▶ _PROBLEM DETAILS_
Give the records again exactly, but drop the pictures.

-.-.-

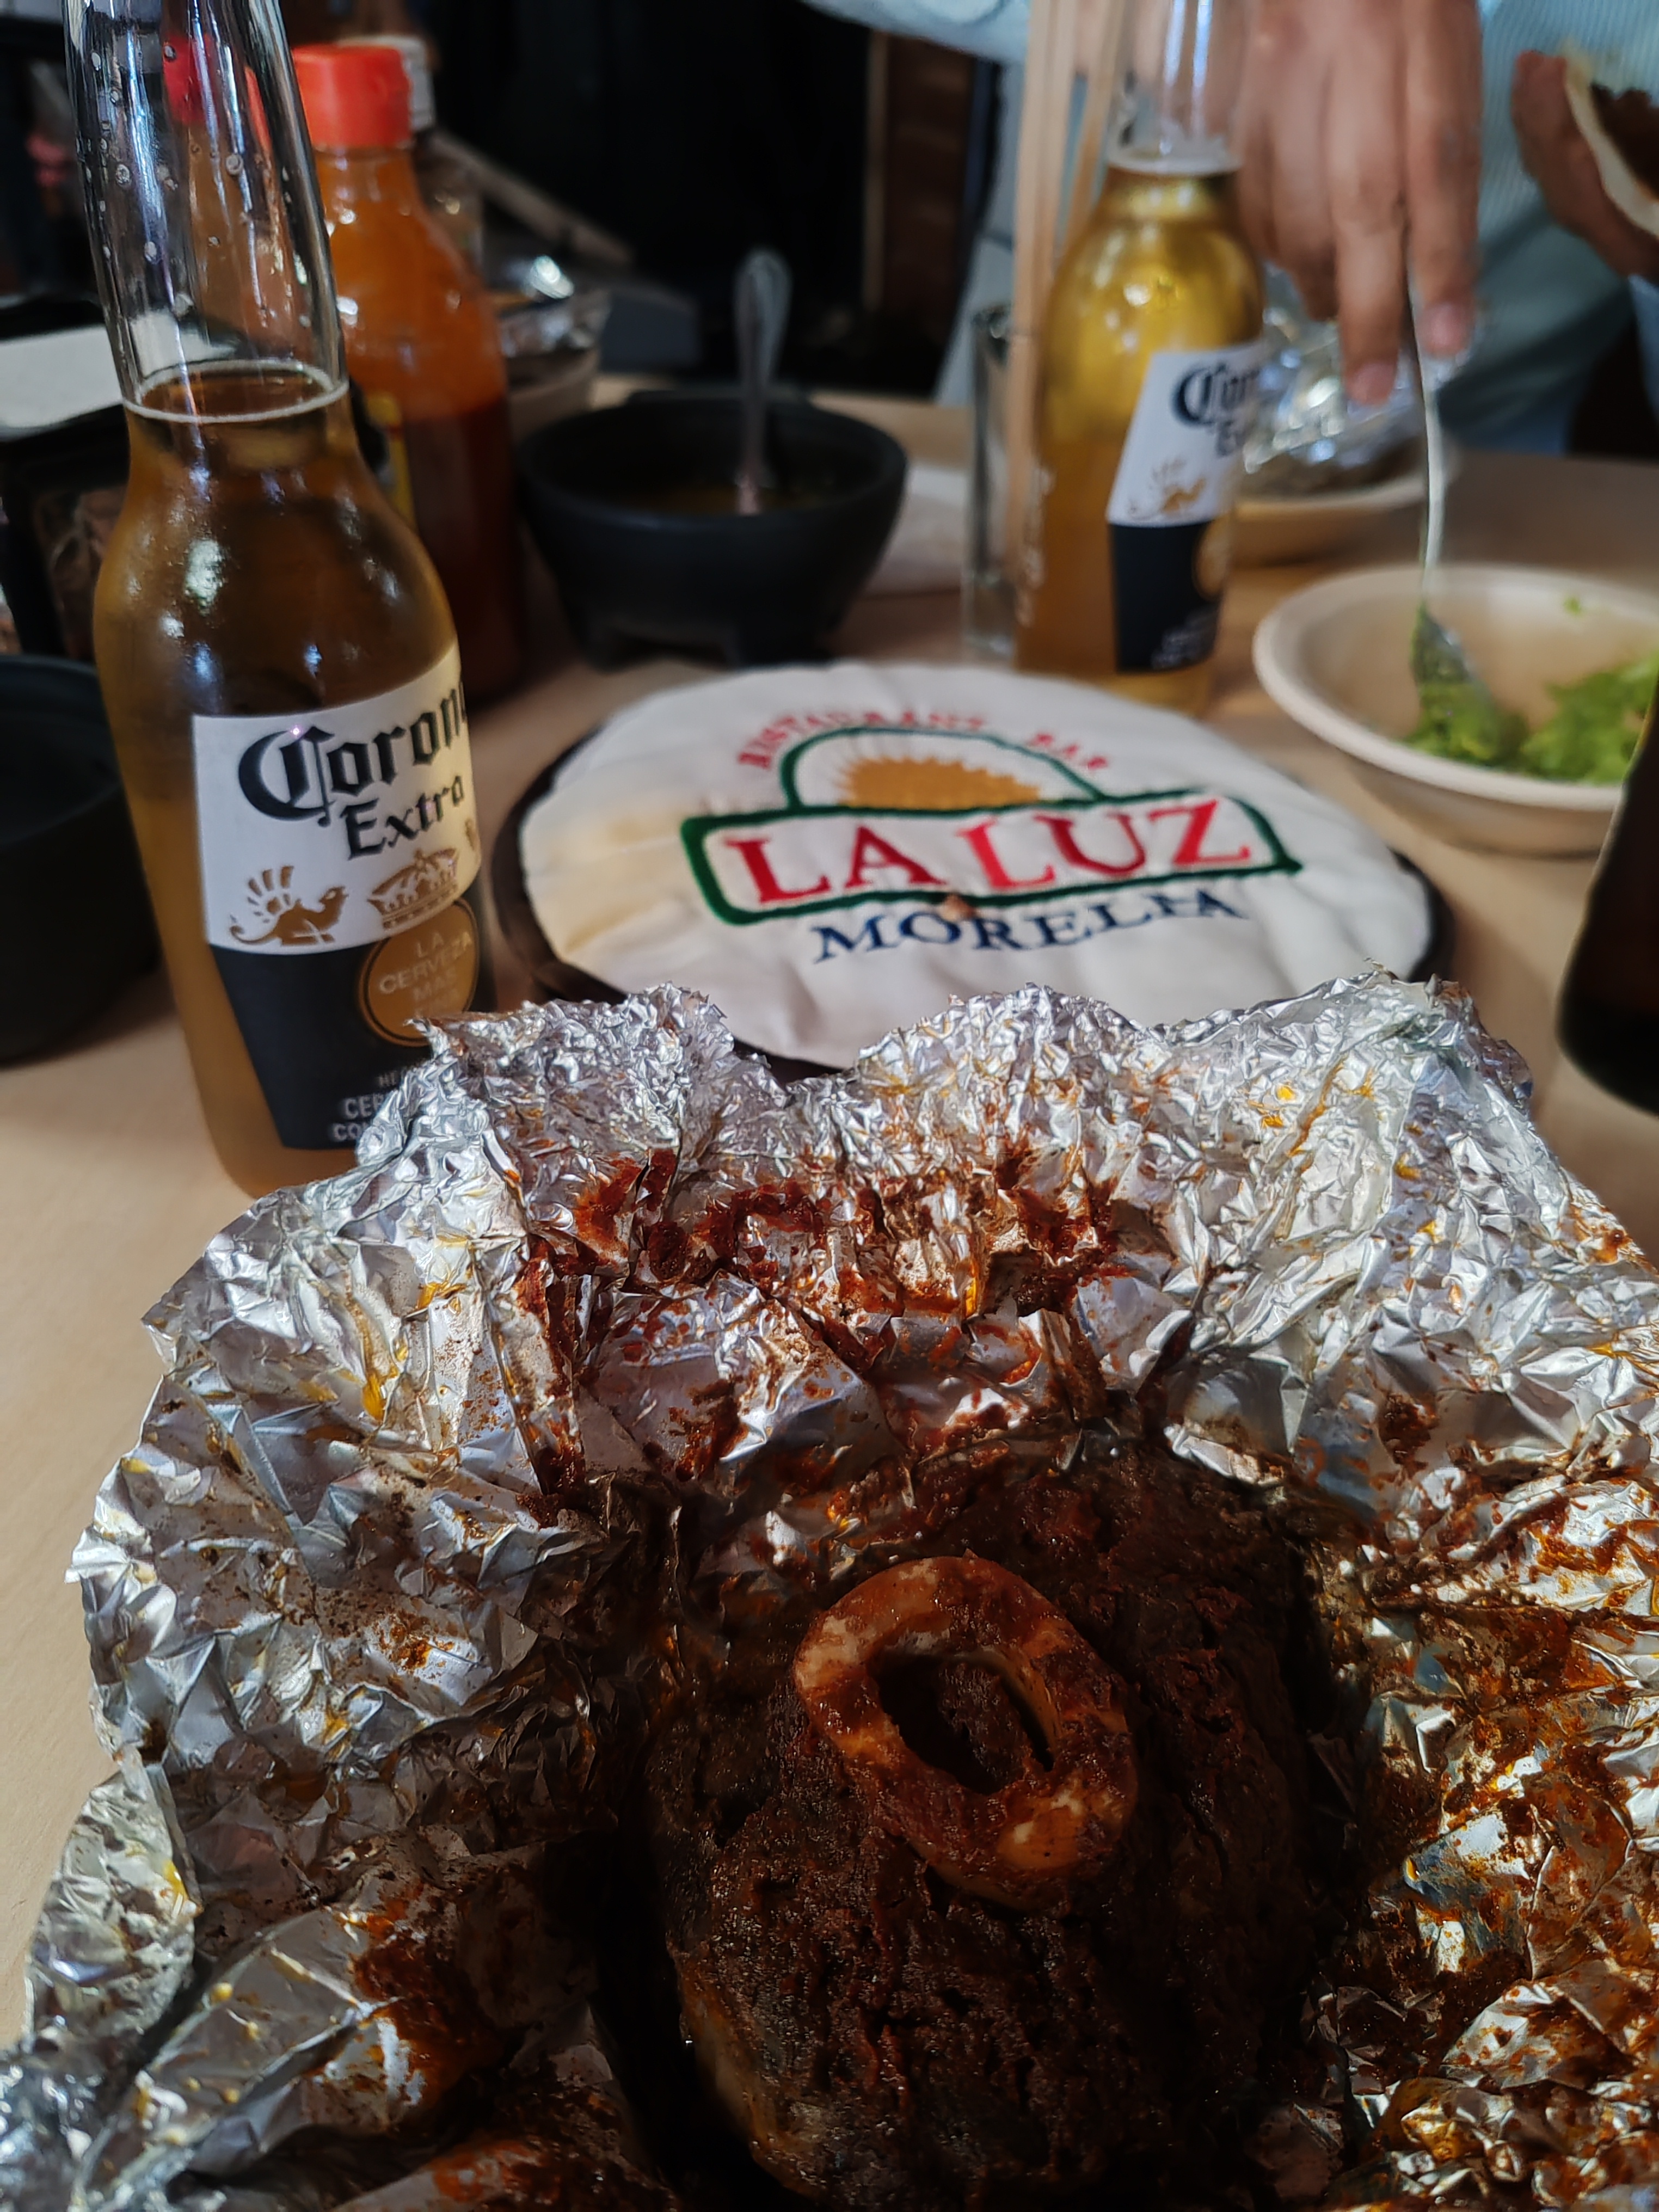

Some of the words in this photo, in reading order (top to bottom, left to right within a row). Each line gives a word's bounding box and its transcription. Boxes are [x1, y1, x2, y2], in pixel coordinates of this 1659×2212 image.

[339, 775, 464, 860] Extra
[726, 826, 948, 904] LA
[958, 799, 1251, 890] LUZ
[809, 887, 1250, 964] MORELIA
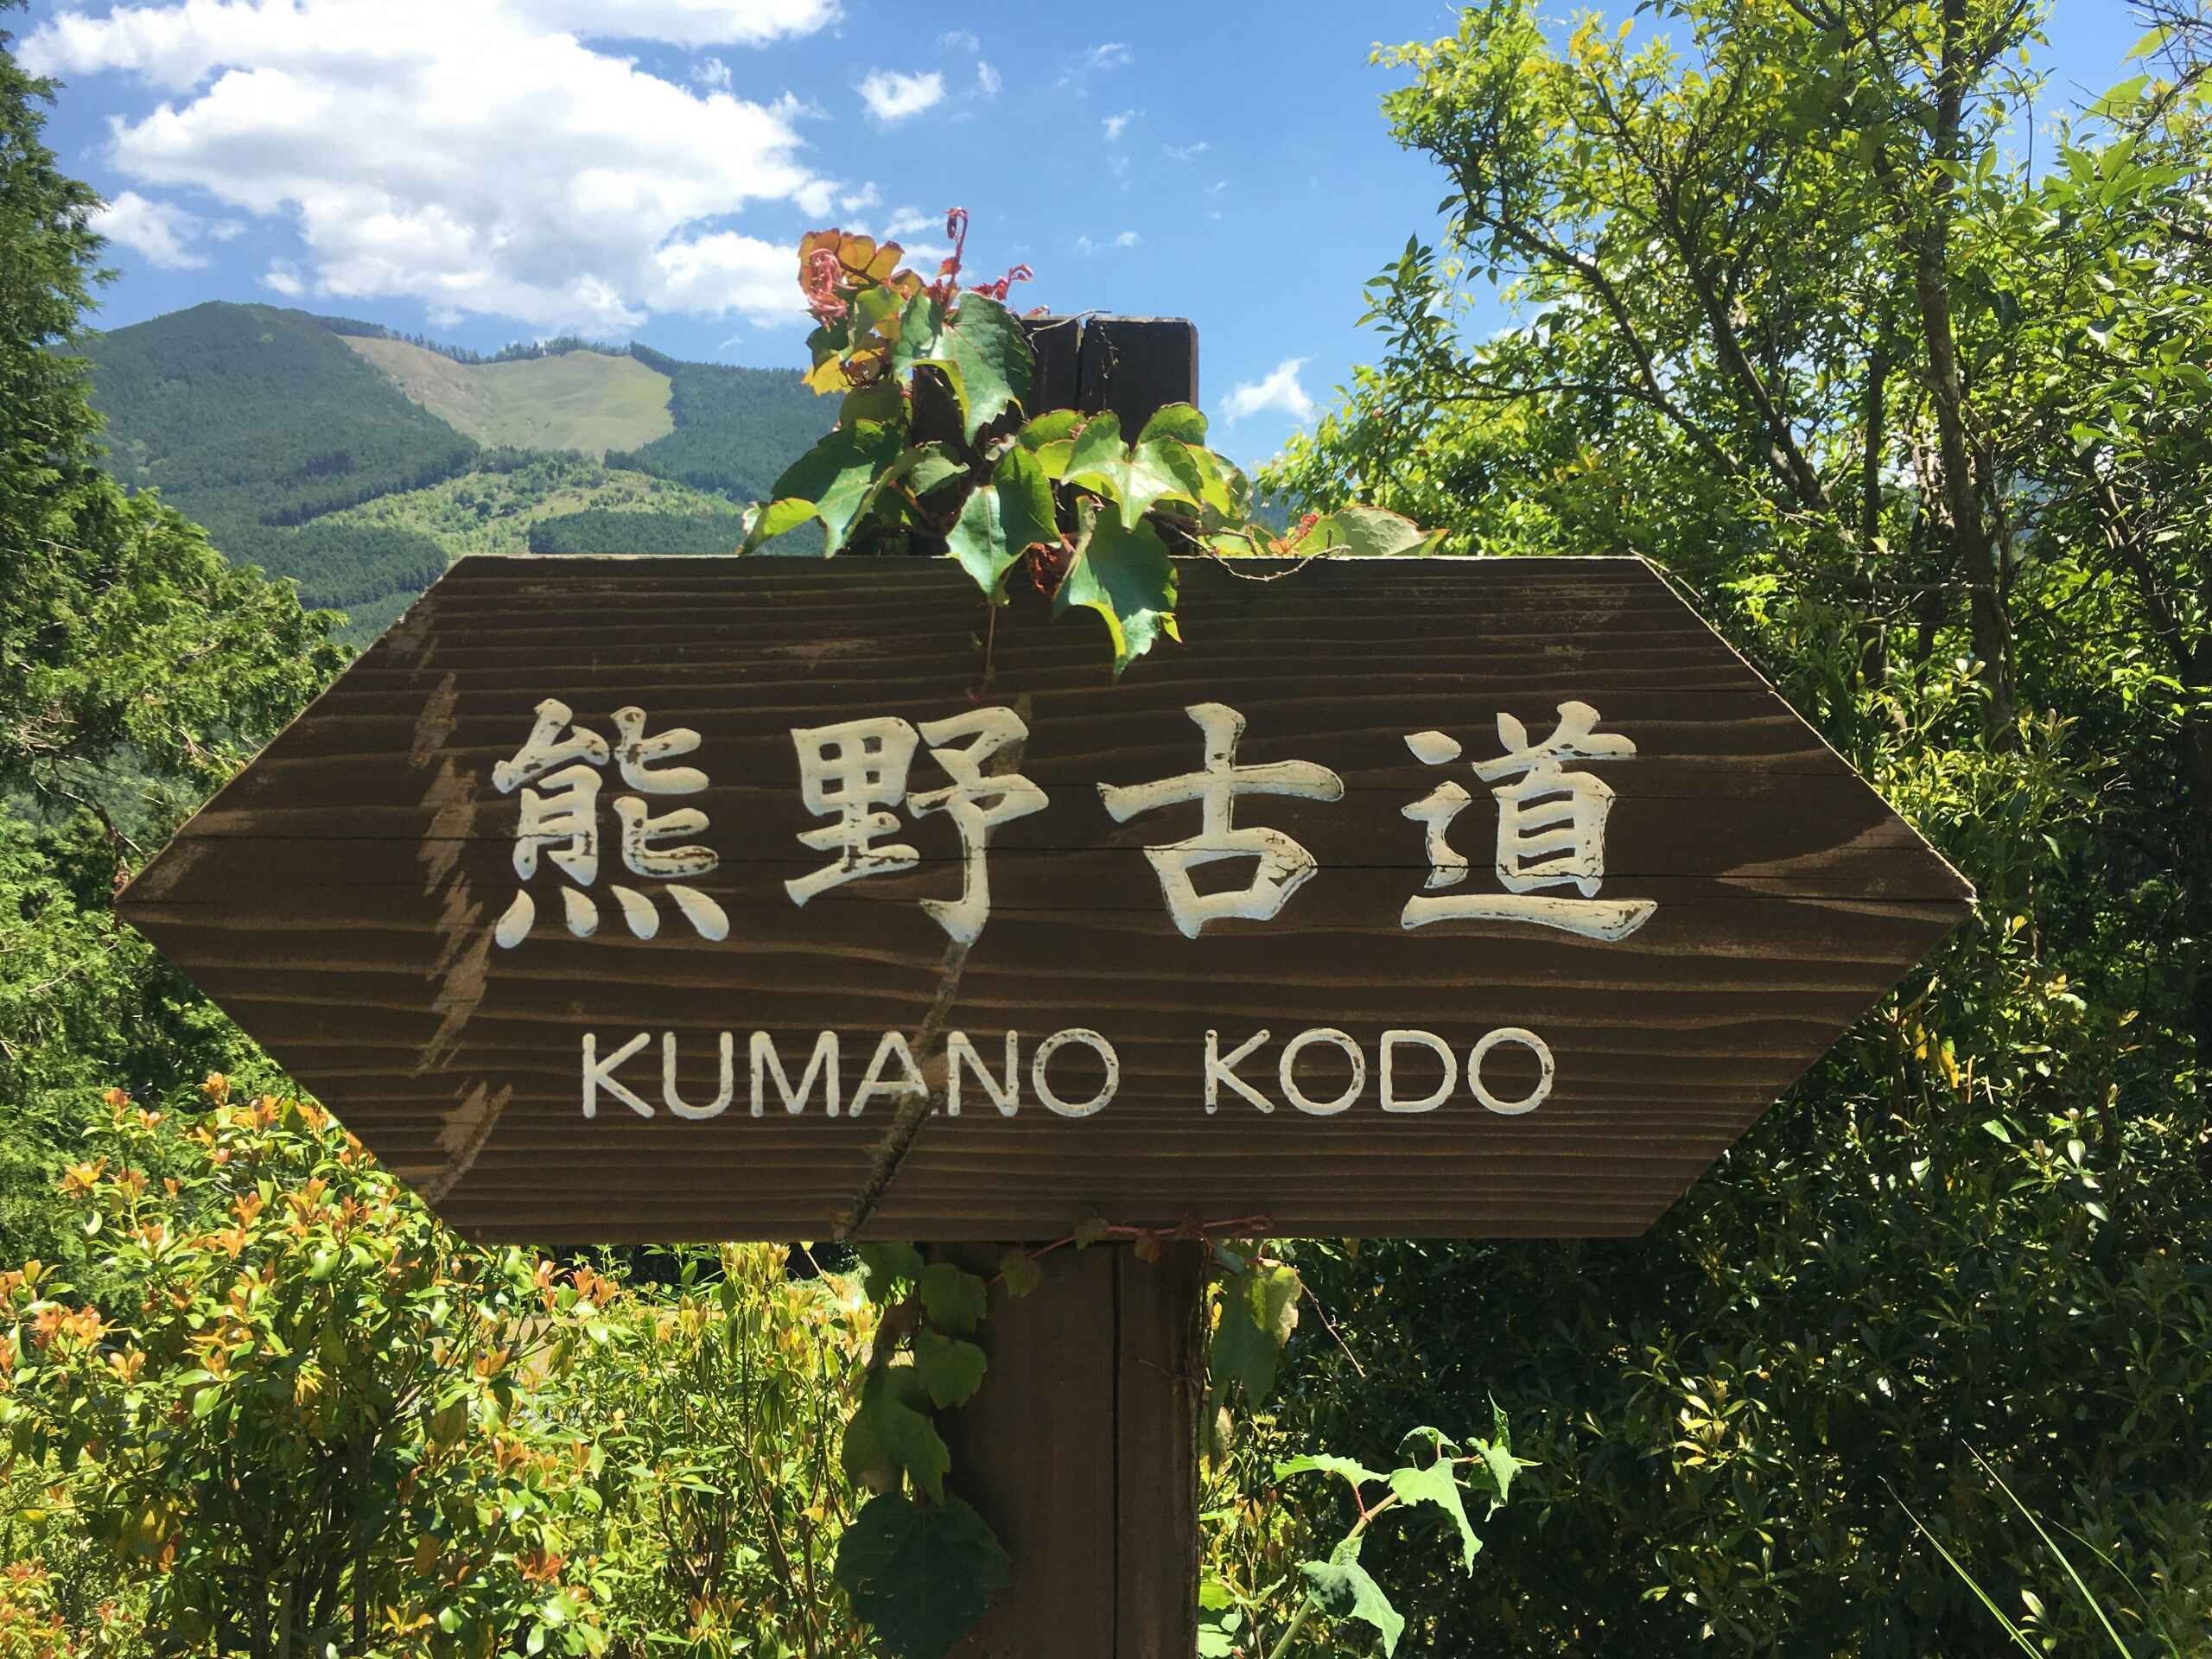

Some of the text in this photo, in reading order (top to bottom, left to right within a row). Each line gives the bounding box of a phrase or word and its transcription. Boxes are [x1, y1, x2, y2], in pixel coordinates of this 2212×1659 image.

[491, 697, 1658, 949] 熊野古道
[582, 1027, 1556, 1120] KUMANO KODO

-.-.-

▶ _EXPECTED ANSWER_
Some of the words in this photo, in reading order (top to bottom, left to right within a row). Each line gives a word's bounding box and its transcription. Boxes are [x1, y1, x2, y2], in pixel coordinates of this 1659×2212 image.

[339, 775, 464, 860] Extra
[726, 826, 948, 904] LA
[958, 799, 1251, 890] LUZ
[809, 887, 1250, 964] MORELIA

Some of the text in this photo, in reading order (top to bottom, left to right within a row). Each line gives the bounding box of a phrase or word and its transcription. Boxes are [x1, y1, x2, y2], in pixel coordinates of this 2212×1659 image.

[491, 697, 1658, 949] 熊野古道
[582, 1027, 1556, 1120] KUMANO KODO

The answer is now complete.